The problem:
The entries should be given again so that each one matches the original exactly.

Saved data entries:
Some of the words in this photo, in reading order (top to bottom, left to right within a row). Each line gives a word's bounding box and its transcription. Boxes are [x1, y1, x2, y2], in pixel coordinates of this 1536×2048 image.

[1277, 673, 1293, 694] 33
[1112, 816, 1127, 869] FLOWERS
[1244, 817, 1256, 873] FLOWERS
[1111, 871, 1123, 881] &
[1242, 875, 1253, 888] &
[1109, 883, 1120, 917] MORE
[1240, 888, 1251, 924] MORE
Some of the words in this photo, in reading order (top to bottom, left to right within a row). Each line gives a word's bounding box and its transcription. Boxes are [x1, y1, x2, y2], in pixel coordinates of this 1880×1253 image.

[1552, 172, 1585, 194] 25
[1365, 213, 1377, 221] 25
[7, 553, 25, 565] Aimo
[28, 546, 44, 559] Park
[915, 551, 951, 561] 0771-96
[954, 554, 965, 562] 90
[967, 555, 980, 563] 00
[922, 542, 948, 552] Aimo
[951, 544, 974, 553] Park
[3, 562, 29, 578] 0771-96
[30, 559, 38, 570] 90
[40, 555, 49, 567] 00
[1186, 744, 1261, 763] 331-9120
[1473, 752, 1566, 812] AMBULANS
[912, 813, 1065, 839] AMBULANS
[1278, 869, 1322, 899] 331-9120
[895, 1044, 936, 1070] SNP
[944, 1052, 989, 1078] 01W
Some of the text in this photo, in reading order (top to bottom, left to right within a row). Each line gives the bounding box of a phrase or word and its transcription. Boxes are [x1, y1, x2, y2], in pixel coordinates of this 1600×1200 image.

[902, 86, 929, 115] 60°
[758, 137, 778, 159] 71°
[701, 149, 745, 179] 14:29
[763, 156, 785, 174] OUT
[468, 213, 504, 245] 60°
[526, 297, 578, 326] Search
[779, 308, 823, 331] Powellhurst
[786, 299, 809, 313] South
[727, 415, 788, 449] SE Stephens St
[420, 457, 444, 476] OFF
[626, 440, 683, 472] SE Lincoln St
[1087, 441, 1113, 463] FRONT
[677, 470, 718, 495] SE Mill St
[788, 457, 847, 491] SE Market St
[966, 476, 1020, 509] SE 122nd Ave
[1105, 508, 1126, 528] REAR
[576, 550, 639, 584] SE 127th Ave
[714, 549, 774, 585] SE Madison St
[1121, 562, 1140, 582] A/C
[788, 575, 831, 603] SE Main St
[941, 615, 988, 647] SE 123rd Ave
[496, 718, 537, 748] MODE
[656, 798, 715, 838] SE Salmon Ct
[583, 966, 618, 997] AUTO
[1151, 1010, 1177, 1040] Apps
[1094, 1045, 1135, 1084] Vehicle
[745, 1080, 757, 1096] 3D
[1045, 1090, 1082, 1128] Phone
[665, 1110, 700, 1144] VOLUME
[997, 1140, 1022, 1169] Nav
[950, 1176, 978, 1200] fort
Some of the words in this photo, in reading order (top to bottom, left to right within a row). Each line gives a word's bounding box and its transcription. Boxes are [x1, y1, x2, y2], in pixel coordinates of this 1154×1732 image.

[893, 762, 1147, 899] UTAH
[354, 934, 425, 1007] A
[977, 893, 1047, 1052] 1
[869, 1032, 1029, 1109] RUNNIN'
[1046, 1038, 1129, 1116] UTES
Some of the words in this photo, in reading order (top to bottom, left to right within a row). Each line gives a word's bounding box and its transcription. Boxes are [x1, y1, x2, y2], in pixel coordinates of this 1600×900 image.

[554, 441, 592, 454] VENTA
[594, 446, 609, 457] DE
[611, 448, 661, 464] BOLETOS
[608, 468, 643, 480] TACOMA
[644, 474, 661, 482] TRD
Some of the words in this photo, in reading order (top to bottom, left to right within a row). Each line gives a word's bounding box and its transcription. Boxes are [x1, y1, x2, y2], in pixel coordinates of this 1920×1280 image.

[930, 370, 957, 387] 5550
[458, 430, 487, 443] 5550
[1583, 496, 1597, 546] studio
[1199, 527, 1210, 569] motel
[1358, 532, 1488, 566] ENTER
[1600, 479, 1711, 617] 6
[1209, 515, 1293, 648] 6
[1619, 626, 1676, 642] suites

Task response:
Some of the words in this photo, in reading order (top to bottom, left to right within a row). Each line gives a word's bounding box and its transcription. Boxes are [x1, y1, x2, y2], in pixel coordinates of this 1536×2048 image.

[1277, 673, 1293, 694] 33
[1112, 816, 1127, 869] FLOWERS
[1244, 817, 1256, 873] FLOWERS
[1111, 871, 1123, 881] &
[1242, 875, 1253, 888] &
[1109, 883, 1120, 917] MORE
[1240, 888, 1251, 924] MORE
Some of the words in this photo, in reading order (top to bottom, left to right within a row). Each line gives a word's bounding box and its transcription. Boxes are [x1, y1, x2, y2], in pixel coordinates of this 1880×1253 image.

[1552, 172, 1585, 194] 25
[1365, 213, 1377, 221] 25
[7, 553, 25, 565] Aimo
[28, 546, 44, 559] Park
[915, 551, 951, 561] 0771-96
[954, 554, 965, 562] 90
[967, 555, 980, 563] 00
[922, 542, 948, 552] Aimo
[951, 544, 974, 553] Park
[3, 562, 29, 578] 0771-96
[30, 559, 38, 570] 90
[40, 555, 49, 567] 00
[1186, 744, 1261, 763] 331-9120
[1473, 752, 1566, 812] AMBULANS
[912, 813, 1065, 839] AMBULANS
[1278, 869, 1322, 899] 331-9120
[895, 1044, 936, 1070] SNP
[944, 1052, 989, 1078] 01W
Some of the text in this photo, in reading order (top to bottom, left to right within a row). Each line gives the bounding box of a phrase or word and its transcription. Boxes are [x1, y1, x2, y2], in pixel coordinates of this 1600×1200 image.

[902, 86, 929, 115] 60°
[758, 137, 778, 159] 71°
[701, 149, 745, 179] 14:29
[763, 156, 785, 174] OUT
[468, 213, 504, 245] 60°
[526, 297, 578, 326] Search
[779, 308, 823, 331] Powellhurst
[786, 299, 809, 313] South
[727, 415, 788, 449] SE Stephens St
[420, 457, 444, 476] OFF
[626, 440, 683, 472] SE Lincoln St
[1087, 441, 1113, 463] FRONT
[677, 470, 718, 495] SE Mill St
[788, 457, 847, 491] SE Market St
[966, 476, 1020, 509] SE 122nd Ave
[1105, 508, 1126, 528] REAR
[576, 550, 639, 584] SE 127th Ave
[714, 549, 774, 585] SE Madison St
[1121, 562, 1140, 582] A/C
[788, 575, 831, 603] SE Main St
[941, 615, 988, 647] SE 123rd Ave
[496, 718, 537, 748] MODE
[656, 798, 715, 838] SE Salmon Ct
[583, 966, 618, 997] AUTO
[1151, 1010, 1177, 1040] Apps
[1094, 1045, 1135, 1084] Vehicle
[745, 1080, 757, 1096] 3D
[1045, 1090, 1082, 1128] Phone
[665, 1110, 700, 1144] VOLUME
[997, 1140, 1022, 1169] Nav
[950, 1176, 978, 1200] fort
Some of the words in this photo, in reading order (top to bottom, left to right within a row). Each line gives a word's bounding box and its transcription. Boxes are [x1, y1, x2, y2], in pixel coordinates of this 1154×1732 image.

[893, 762, 1147, 899] UTAH
[354, 934, 425, 1007] A
[977, 893, 1047, 1052] 1
[869, 1032, 1029, 1109] RUNNIN'
[1046, 1038, 1129, 1116] UTES
Some of the words in this photo, in reading order (top to bottom, left to right within a row). Each line gives a word's bounding box and its transcription. Boxes are [x1, y1, x2, y2], in pixel coordinates of this 1600×900 image.

[554, 441, 592, 454] VENTA
[594, 446, 609, 457] DE
[611, 448, 661, 464] BOLETOS
[608, 468, 643, 480] TACOMA
[644, 474, 661, 482] TRD
Some of the words in this photo, in reading order (top to bottom, left to right within a row). Each line gives a word's bounding box and its transcription. Boxes are [x1, y1, x2, y2], in pixel coordinates of this 1920×1280 image.

[930, 370, 957, 387] 5550
[458, 430, 487, 443] 5550
[1583, 496, 1597, 546] studio
[1199, 527, 1210, 569] motel
[1358, 532, 1488, 566] ENTER
[1600, 479, 1711, 617] 6
[1209, 515, 1293, 648] 6
[1619, 626, 1676, 642] suites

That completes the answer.